Capricorn (Dec. 22 – Jan.19)
Capricorn, the long-awaited day for all closeted and out theater kids is upon us: the release of Moana 2 and Wicked! To celebrate this momentous occasion it’s time for you to order a cake plastered with the face of a man who has defied gravity and soared to unexpected heights away in the theatre world skies: Lin Manuel Miranda! He probably has a cameo in Wicked anyway!

Aquarius (Jan. 20 – Feb. 18)
Lovely Aquarius, as you head into the holiday season, it’s key to remember one thing above all else: how to keep the spirit of Flexsgiving alive! Do you have $100 of Flex left to blow at the *OPENED* Motley? Well, pay it forward and pay for a stressed-out first year’s peppermint mocha!     

Pisces (Feb. 19 – March 20)
Pisces rhymes with mices, and mices want cookies so you should get a cookie too! So next time you’re feeling blue, chomp chomp on a Hoch pumpkin cookie to bring a smile that’s warm and true!

Aries (March 21 – April 19)
Aries, have you been feeling the urge to rage lately? Whether out of joy, nerves, or feeling gurrr or blah, you should stand on a table in the middle of Seal Court and start a communal raging session to the chatter of Wednesday Tea! ROARRRRRRRRRRRRRRRRRRRRR. HISSSSSSSSSSSSS. AHHHHHHHHHHHHHHH. 

Taurus (April 20 – May 20)
Oh Taurus, the winter blues might be calling too close to home. Be sure to turn your frown upside down amidst the holiday cheer! If you see children ice skating or a nice family having dinner together, do not hit or yell at them! They will not like that. Seasons change and everything is temporary. Nothing is that deep or personal. Wise up. Grow up. 

Gemini (May 21- June 20)
BE AWARE! Your craving for a pomegranate may be exceptionally high this month… I mean, you really want those beautiful, shiny, ruby-red, and juicy seeds. They pop in your mouth and are not too sweet, not too sour — perfectly tart. Do not wear white clothing this month. You never know when the opportunity to eat a pomegranate will arise, and when it does… you may succumb to your primitive nature.

Cancer (June 21 – July 22)
Cancer, please take a hot yoga class this month.
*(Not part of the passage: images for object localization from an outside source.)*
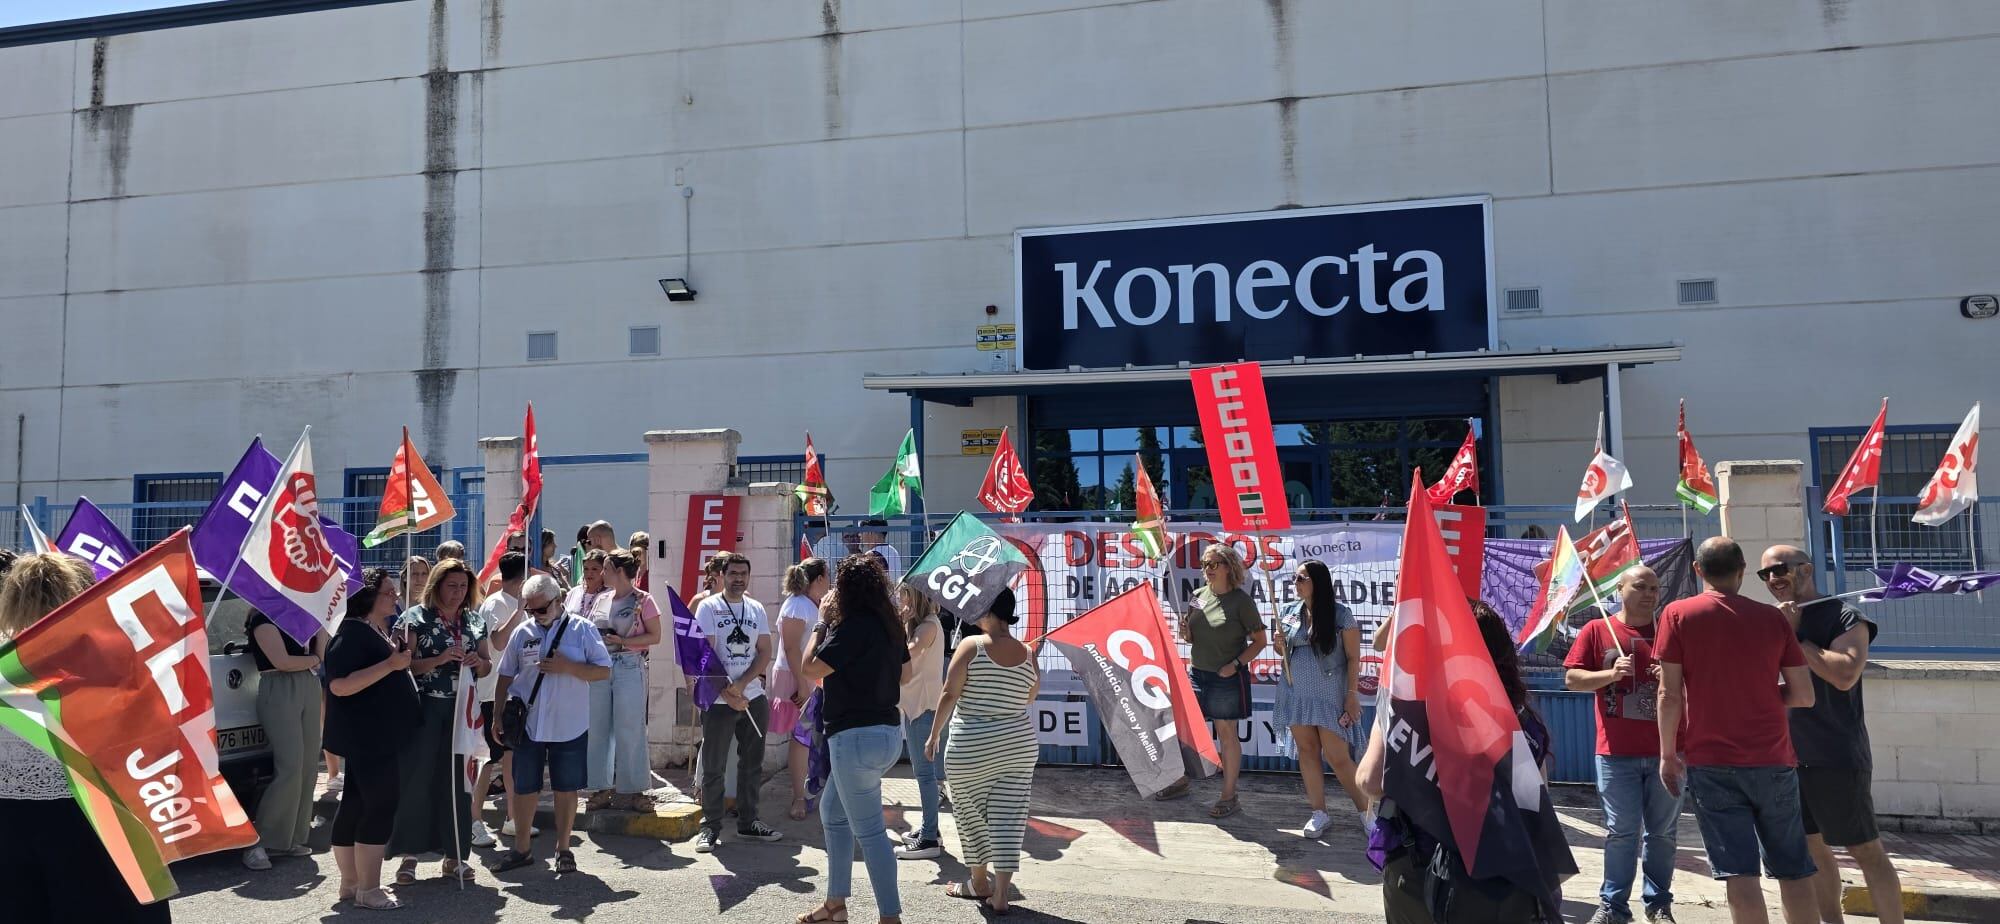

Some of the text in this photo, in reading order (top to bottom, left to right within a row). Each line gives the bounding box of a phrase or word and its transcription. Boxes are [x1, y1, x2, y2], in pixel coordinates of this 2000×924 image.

[1055, 243, 1445, 330] Konecta
[1211, 370, 1260, 488] CCOO
[1243, 518, 1268, 526] Jaén
[1300, 539, 1362, 558] Konecta
[928, 566, 982, 610] CGT
[1066, 575, 1094, 600] DE
[1250, 579, 1295, 604] ALE
[1333, 579, 1394, 606] ADIE
[1039, 710, 1081, 734] DE
[1084, 642, 1158, 762] Andalucía, Ceuta y Melilla
[125, 747, 207, 844] Jaén
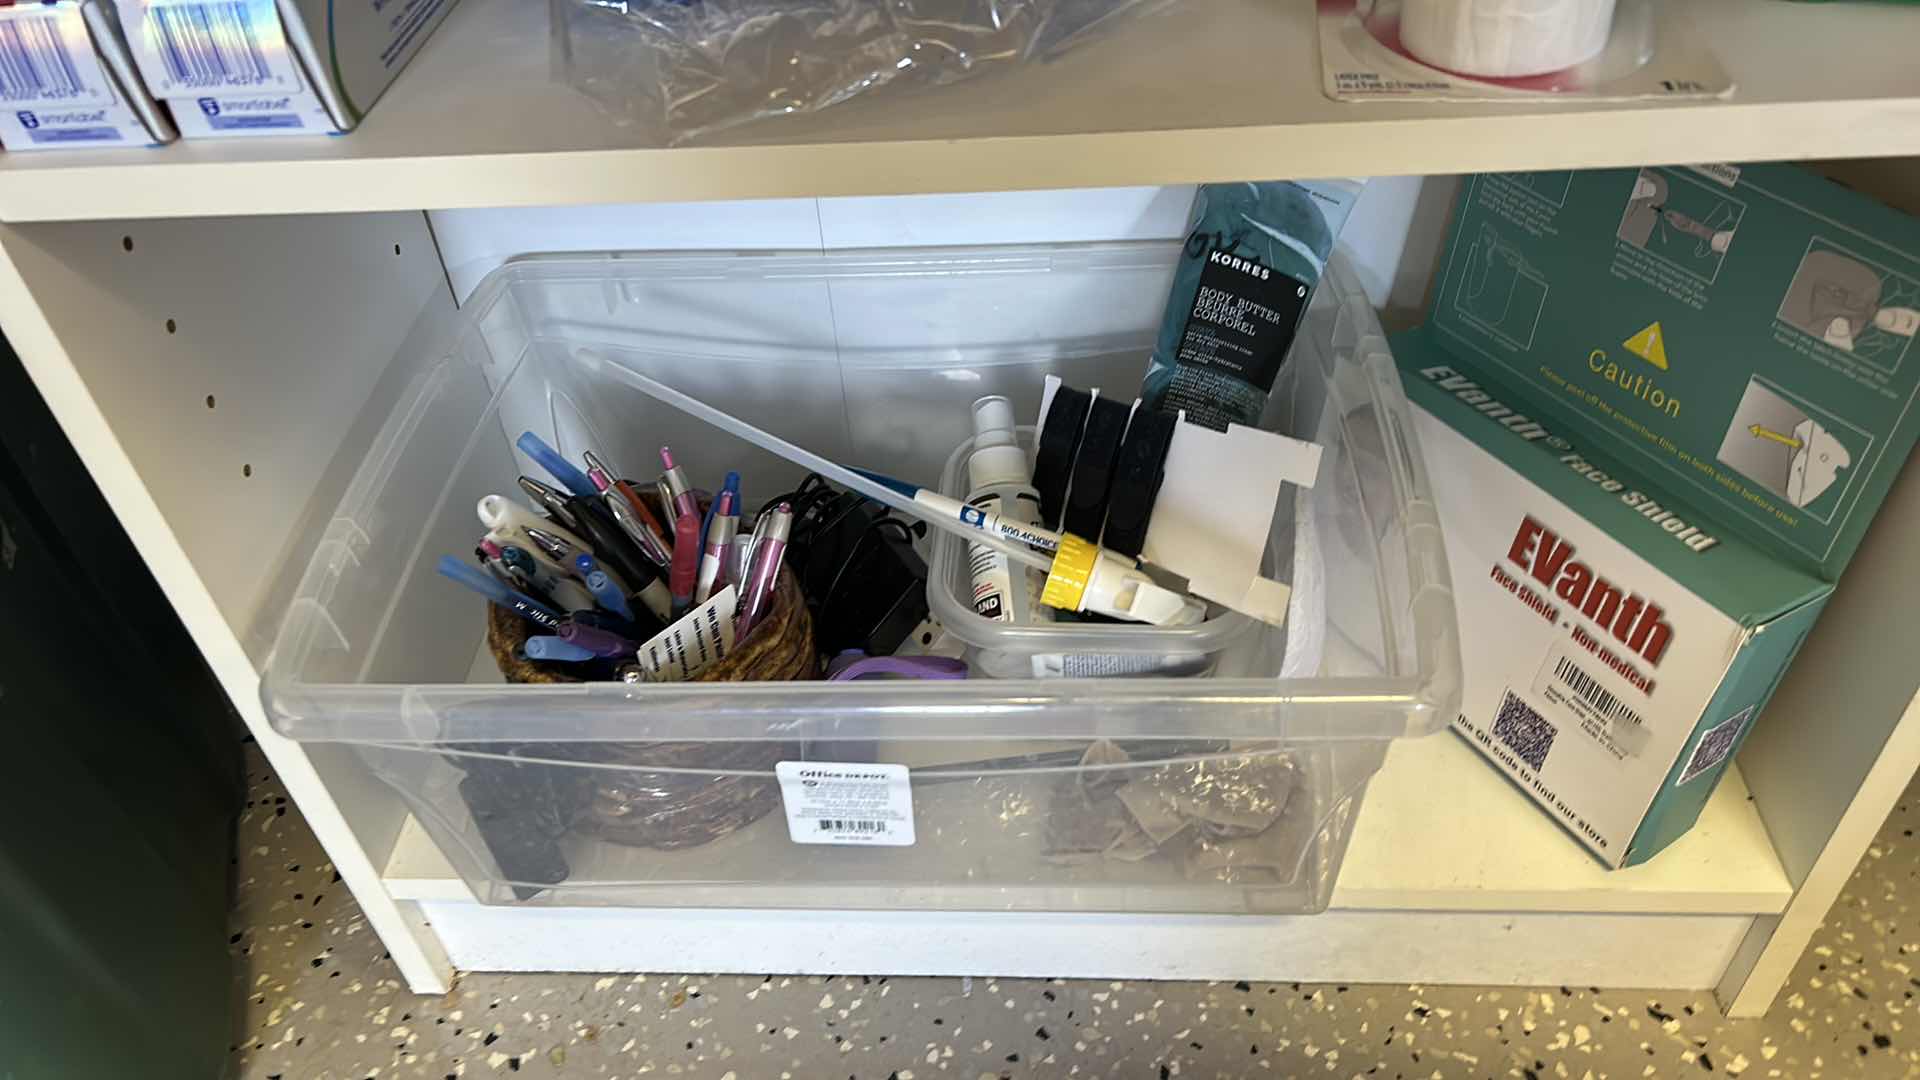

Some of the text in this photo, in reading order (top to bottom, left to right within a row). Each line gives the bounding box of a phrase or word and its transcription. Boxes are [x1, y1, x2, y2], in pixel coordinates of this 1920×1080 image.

[1210, 251, 1271, 282] KORRES
[1192, 307, 1257, 336] CORPOREL
[1196, 298, 1245, 322] BEURRE
[1200, 286, 1282, 326] BODY BUTTER
[1587, 349, 1682, 418] Caution
[1560, 453, 1623, 493] Face
[1621, 488, 1720, 553] Shield
[1488, 563, 1519, 593] Face
[1518, 581, 1558, 625] Shield
[1507, 516, 1674, 668] EVanth
[799, 769, 843, 779] Office
[1492, 746, 1521, 770] code
[1519, 768, 1533, 783] to
[1532, 779, 1557, 802] find
[1557, 802, 1577, 820] our
[1577, 821, 1609, 848] store
In fact, it is not a want, it is a need! The stars are saying all Cancers must take at least one yoga class this month, or else! Your body needs to be in an exceptionally hot and humid room with about twenty other people sweating at the same time. You will feel super zen and super wet. Please sweat it out instead of crying it out — it will be a nice change of pace. 

Leo (July 23 – Aug. 22)
Leos, do not let the cold and gray skies tarnish your creativity this winter. Do not succumb to the early sunsets and evade the darkness. Be sure to journal every day, watch movies, listen to albums, and indulge in the fruitful nature of the arts. Write, sketch, film, photograph, sew — keep your mind and your hands busy while your heart rests. 
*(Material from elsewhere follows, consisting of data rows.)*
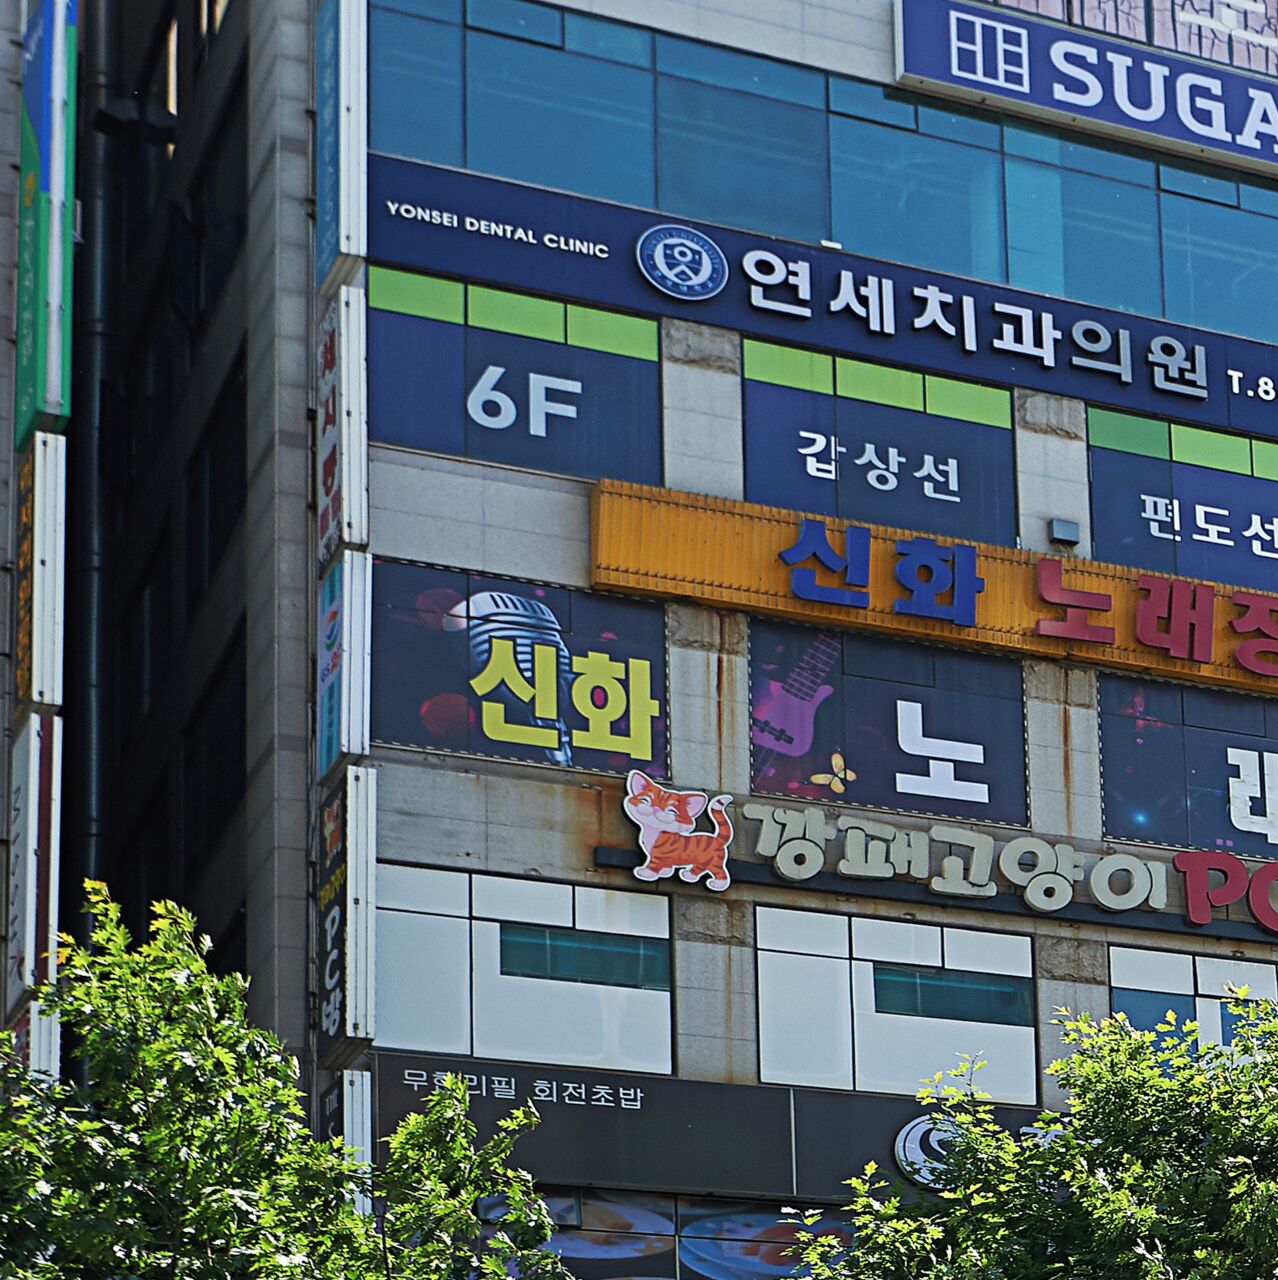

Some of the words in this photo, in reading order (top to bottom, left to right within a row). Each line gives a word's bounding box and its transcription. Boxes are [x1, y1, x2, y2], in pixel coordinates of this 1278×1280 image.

[386, 200, 459, 228] YONSEI
[464, 216, 538, 245] DENTAL
[543, 232, 609, 259] CLINIC
[742, 248, 1209, 401] 연세치과의원
[466, 365, 583, 437] 6F
[797, 429, 962, 503] 갑상선
[776, 519, 986, 627] 신화
[469, 636, 661, 762] 신화
[532, 1078, 645, 1111] 회전초밥
Virgo (Aug. 23 – Sept. 22)
Routine is simple, stable, consistent, and incredibly important. Why? Well, Virgo, you need to have a sense of control in all aspects of your life, or at least think you have control — it helps you sleep at night. This month, challenge yourself by grabbing a different breakfast, maybe even at a different time and place! Super crazy. Park your car on a different street and stay up past your bedtime! Live a little Virgo! 

Libra (Sept. 23 – Oct.22)
BRB… more like RBB; why be right back when you can read books backward? Do you frequently zone out in the middle of your 300-page reading by an old, white man complaining about odd-shaped buildings (it’s totally about his not-so-secret gay desire)? Do you ever find yourself rereading the same sentence 50+ times? Well, start reading from right to left, or flip the book upside and all will be made clear!  

Scorpio (Oct. 23 – Nov. 21)
Scorpio, have you been feeling unusually repressed and emotionally stiff lately? Have you been zoning out during dinner, leaving your friends concerned after they repeat the same question over and over again, just to be met with your dead, soulless, and almost sociopathic eyes? If the answer is anything but a hard no — please take yourself to the movie theater and cry or jerk off (or both) to Gladiator II.